Connecting Well-being to Compassionate Care in Pediatric Residents

Connecting Well-being to Compassionate Care in Pediatric Residents 1024 683 Madison Storm

A multicenter study identified several well-being factors associated with pediatric residents’ confidence in providing calm, compassionate care to patients.

Suzanne Reed, MD, has been interested in medical education since her training as a medical student. Captivated by the academic side of education, Dr. Reed has dedicated much of her research and clinical work to medical education, specifically focusing on trainee well-being.

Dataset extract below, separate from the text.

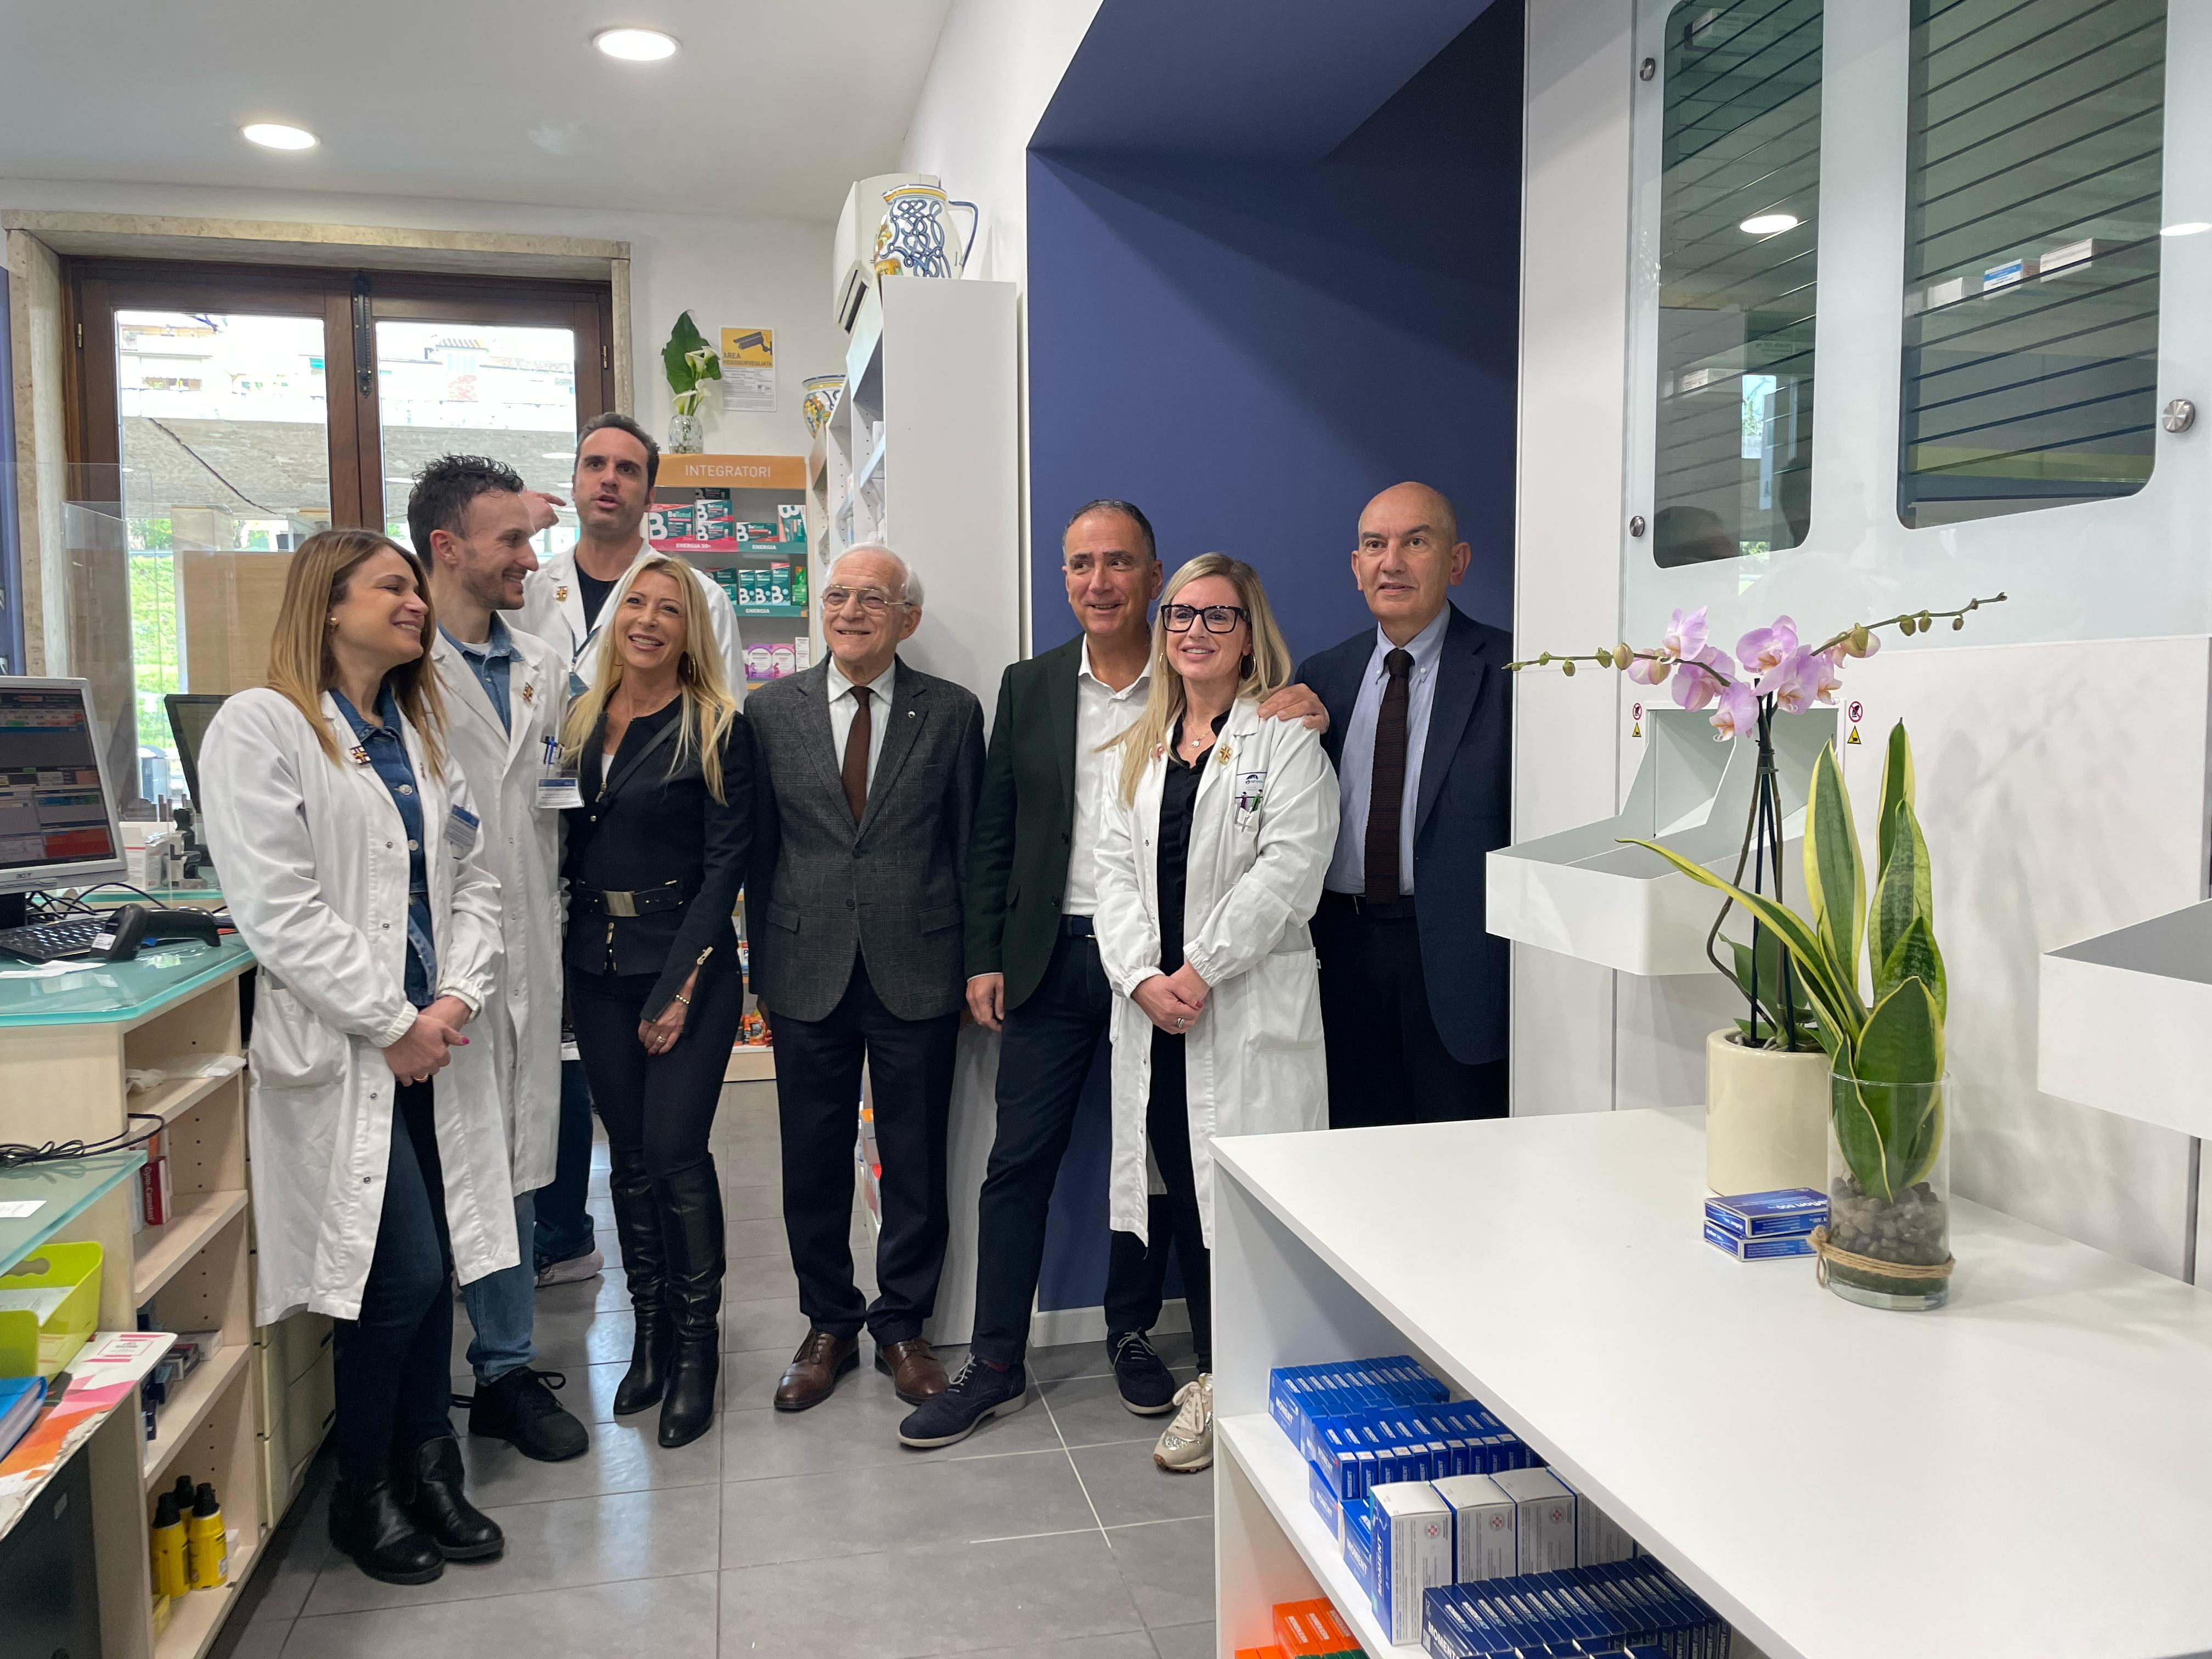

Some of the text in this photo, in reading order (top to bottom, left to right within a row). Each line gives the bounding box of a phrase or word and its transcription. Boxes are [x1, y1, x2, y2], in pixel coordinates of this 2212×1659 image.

“Much like how we think about research informing clinical care of patients, in the same way, it’s important to look at educational processes and learners under the same microscope,” says Dr. Reed, a pediatric oncologist and associate program director of the General Pediatrics Residency at Nationwide Children’s. “Medical education can affect medical outcomes for trainees, just as it can for patients.”

Suzanne Reed, MD

Recently, Dr. Reed published a study in Patient Education and Counseling that utilized data from the Pediatric Resident Burnout and Resilience Consortium from 2016-2018, analyzing it with the Calm Compassionate Care Scale and other resident measures of well-being to access the confidence of pediatric residents in delivering that type of care.

Aligned with findings in related literature, study results indicate factors such as greater mindfulness, self-compassion and empathetic concern are associated with increased confidence in delivering calm, compassionate care. Negative association with confidence in providing calm, compassionate care derived from factors including feelings of decreased personal accomplishment, increased emotional exhaustion and increased depersonalization — a common definition of burnout.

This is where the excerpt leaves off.